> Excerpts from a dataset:
- Opening Delimiter -

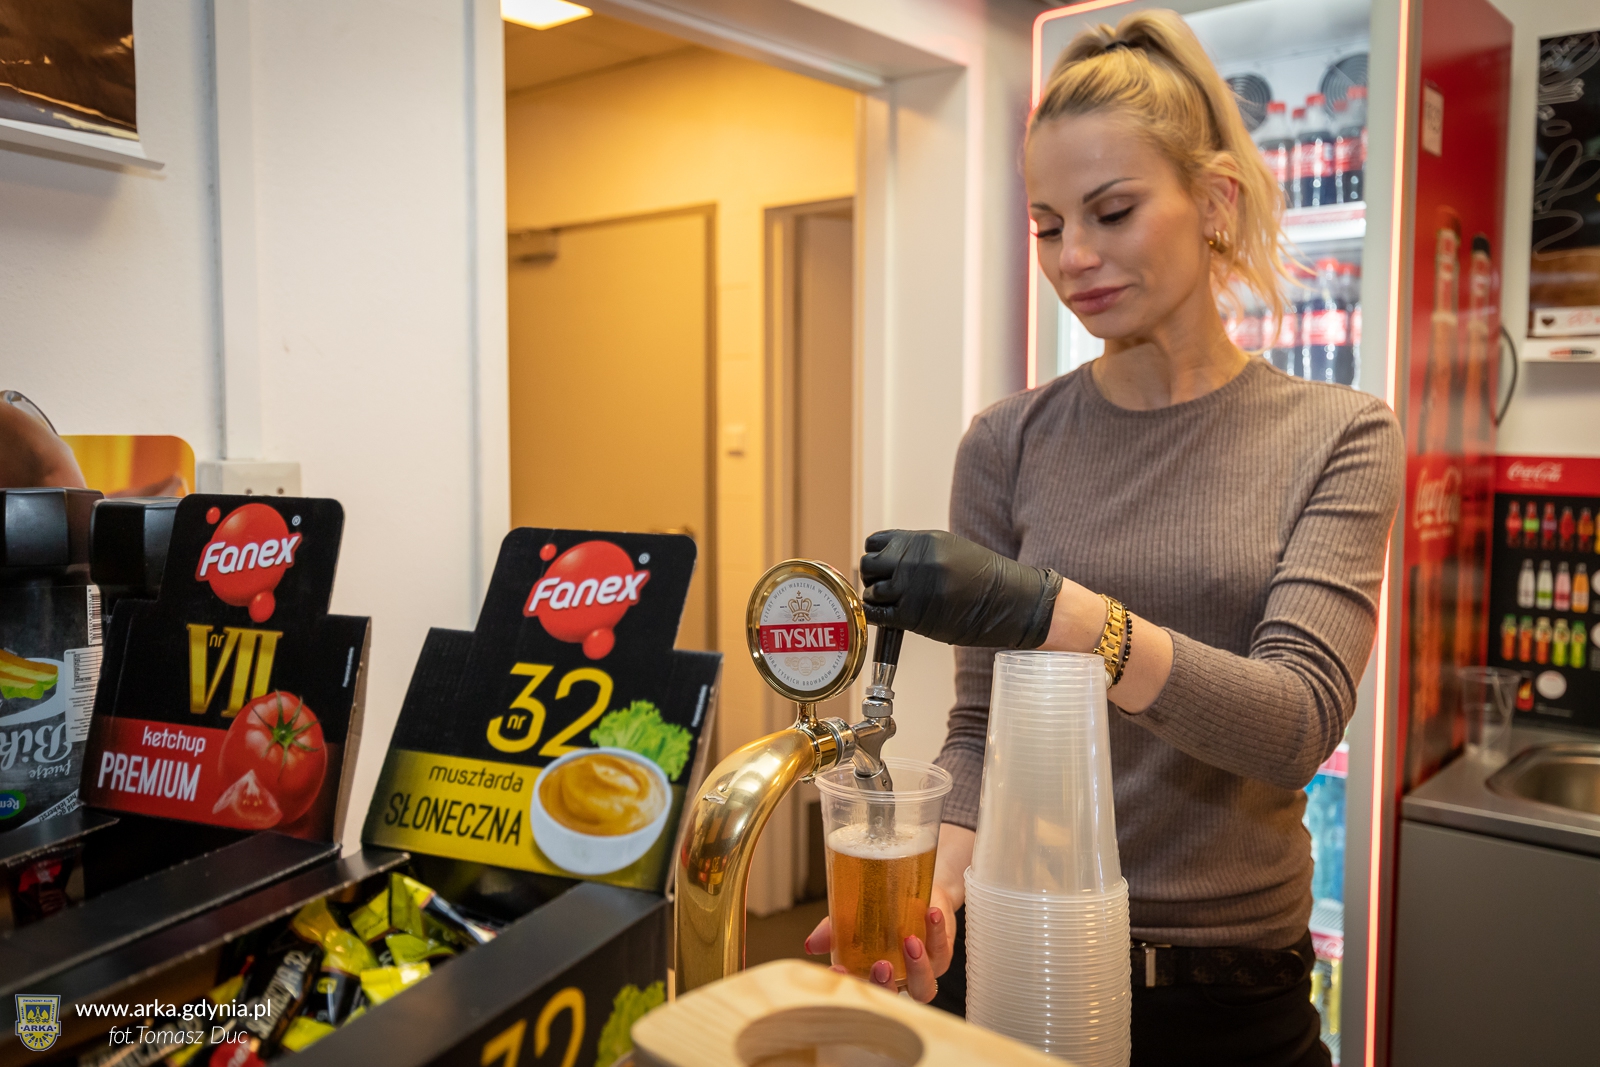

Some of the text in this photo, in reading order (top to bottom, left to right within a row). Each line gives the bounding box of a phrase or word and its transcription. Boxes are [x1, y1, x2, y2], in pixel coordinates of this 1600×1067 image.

[199, 534, 300, 577] Fanex
[528, 571, 646, 612] Fanex
[209, 633, 225, 648] nr
[769, 627, 836, 649] TYSKIE
[486, 661, 614, 758] nr 32
[142, 725, 207, 757] ketchup
[97, 751, 202, 802] PREMIUM
[428, 764, 524, 793] musztarda
[384, 791, 523, 847] SŁONECZNA
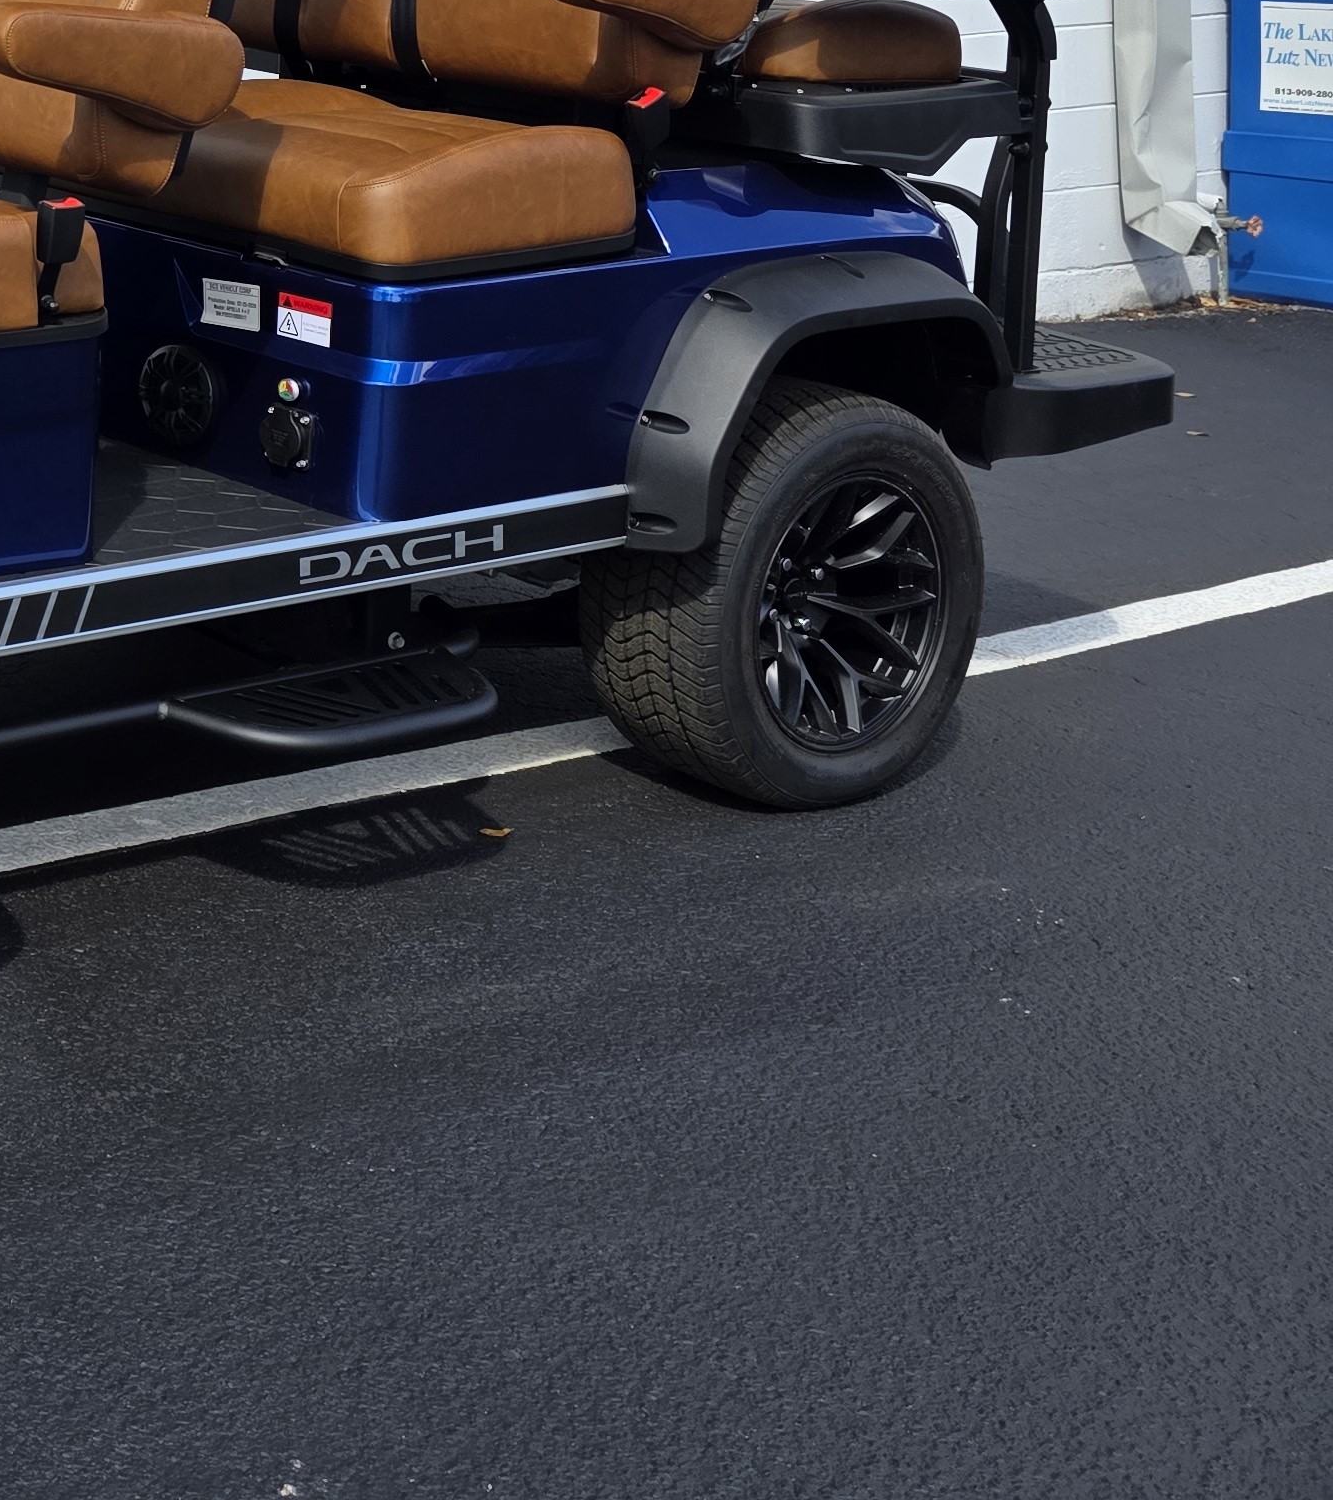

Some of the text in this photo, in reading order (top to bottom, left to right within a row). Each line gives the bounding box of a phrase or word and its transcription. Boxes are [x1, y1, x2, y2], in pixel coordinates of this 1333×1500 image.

[1264, 22, 1333, 42] The LAK
[1265, 47, 1300, 66] Lutz
[293, 299, 328, 315] WARNING
[299, 524, 504, 585] DACH
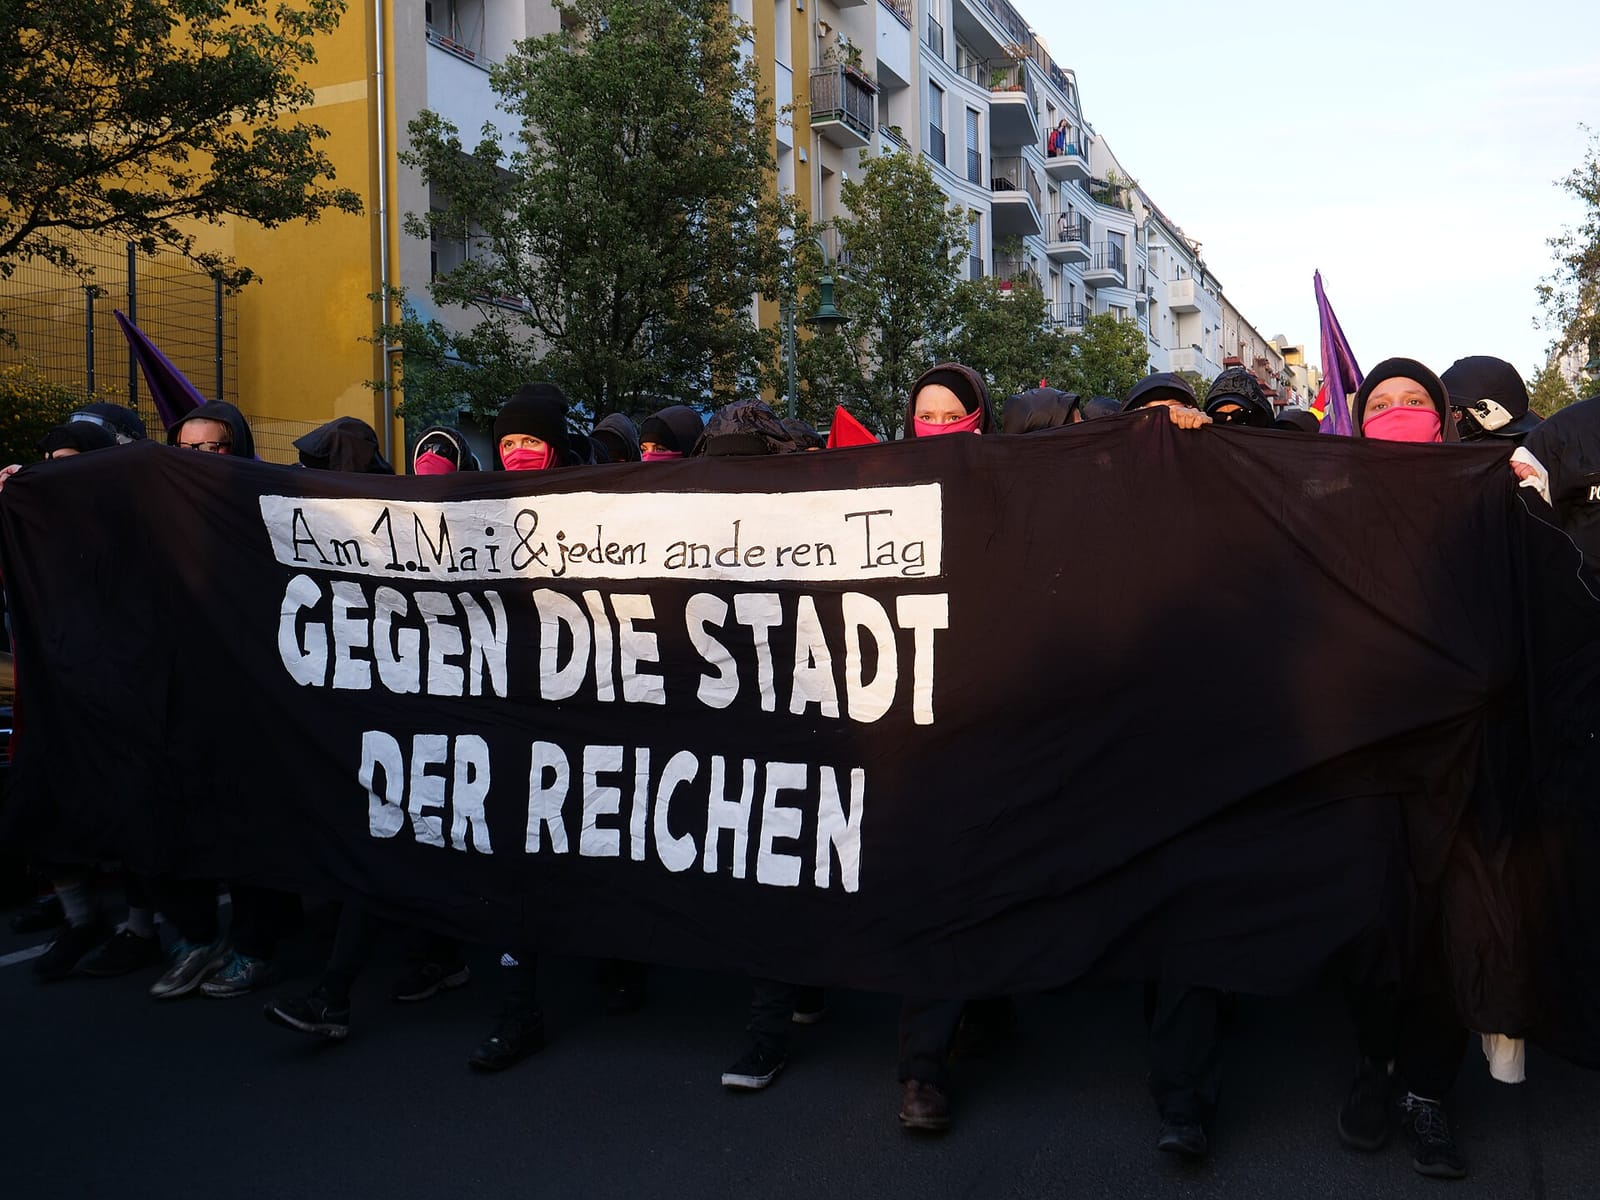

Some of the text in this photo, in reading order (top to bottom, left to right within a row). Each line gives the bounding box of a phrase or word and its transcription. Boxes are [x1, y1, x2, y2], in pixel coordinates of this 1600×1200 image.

[293, 507, 369, 567] Am
[664, 519, 837, 570] anderen
[844, 509, 926, 576] Tag
[277, 573, 949, 725] GEGEN DIE STADT
[358, 730, 865, 892] DER REICHEN

- Closing Delimiter -

> WHAT YOU SHOULD DO: Beginning at the line with "this 1333×1500 image.", reproduce word for word each line through the last line of the records. Include both ends but no pictures.

> OUTPUT:
Some of the text in this photo, in reading order (top to bottom, left to right within a row). Each line gives the bounding box of a phrase or word and its transcription. Boxes are [x1, y1, x2, y2], in pixel coordinates of this 1333×1500 image.

[1264, 22, 1333, 42] The LAK
[1265, 47, 1300, 66] Lutz
[293, 299, 328, 315] WARNING
[299, 524, 504, 585] DACH

Some of the text in this photo, in reading order (top to bottom, left to right within a row). Each line gives the bounding box of a phrase or word and its transcription. Boxes are [x1, y1, x2, y2], in pixel coordinates of this 1600×1200 image.

[293, 507, 369, 567] Am
[664, 519, 837, 570] anderen
[844, 509, 926, 576] Tag
[277, 573, 949, 725] GEGEN DIE STADT
[358, 730, 865, 892] DER REICHEN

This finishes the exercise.